# Looking for subs in MD/DC



## GoRavens (Nov 30, 2010)

_________________

Join our team at Raven Snow Removal, your local snow removal contractor serving the Annapolis, Baltimore, Upper Eastern Shore and Metro DC area.

We pay top dollar for qualified and properly equipped subcontractors in the Maryland/DC area.

We are currently contracting for the following additional positions for the 2010-2011 winter season:

Plow Truck Operator Subcontractors - Own truck and plow required, rate dependent on equipment + experience

Snow Loading Subcontractors- Own equipment required (dump truck, skid steer, etc.), rate dependent on equipment + experience; contact us for additional information on our requirements

Small Equipment Operator Subcontractors- Own snow blower and/or salt spreader required, rate dependent on equipment + experience. Might also need additional operators for our equipment if demand picks up to last year's level.
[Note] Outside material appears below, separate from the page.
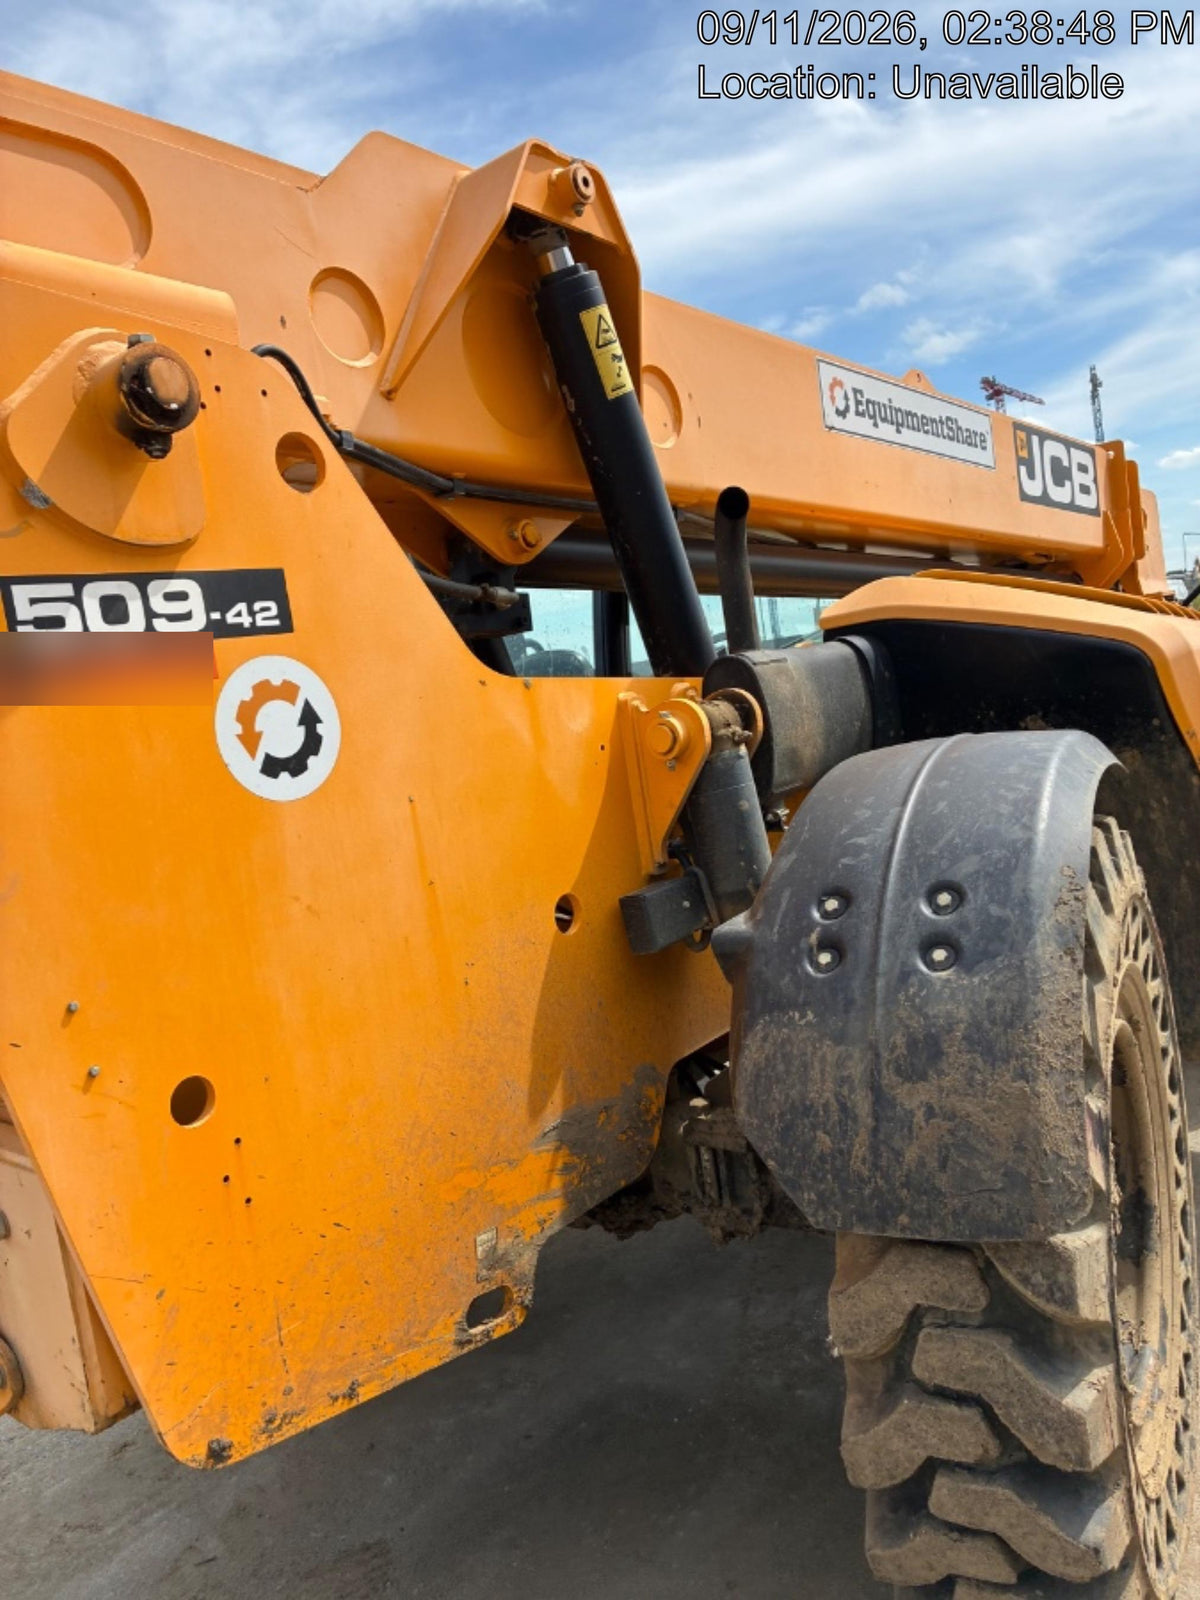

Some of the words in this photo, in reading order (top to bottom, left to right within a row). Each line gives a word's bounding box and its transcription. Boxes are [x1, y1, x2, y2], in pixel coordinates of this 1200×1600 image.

All applicants must have insurance and be available on a 24-hour basis once season begins.

Our clients are mostly commercial and located in the Annapolis, Baltimore + DC area.

Attn: Clay or Josh
Raven Snow Removal
Office: (410)758-7102
[email protected]
www.ravensnowremoval.com


----------



## sid6062 (Nov 5, 2010)

It was nice speaking with you Clay. I have your info and will contact you soon. Thanks!


----------



## triadpm (Sep 26, 2009)

Do you have anything in Howard or Mont. Counties?


----------



## 86 CJ (Jan 11, 2010)

Sent you guys an email last night. I am in AA county looking for work.

Thanks


----------



## fci (Sep 7, 2008)

I like your name!!!! Go Ravens, thats good


----------



## Leggslandscape (Jan 29, 2010)

Sent you an email looking for work eastern shore/annapolis


----------



## 86 CJ (Jan 11, 2010)

GoRavens;1132328 said:


> _________________
> 
> Join our team at Raven Snow Removal, your local snow removal contractor serving the Annapolis, Baltimore, Upper Eastern Shore and Metro DC area.
> 
> ...


Looking for you guys??? I sent you a PM and you responded with an Email and said you were very intersted in talking to me about plowing for you. I have emailed you back and left you messages at your office and have heard nothing back from you.....


----------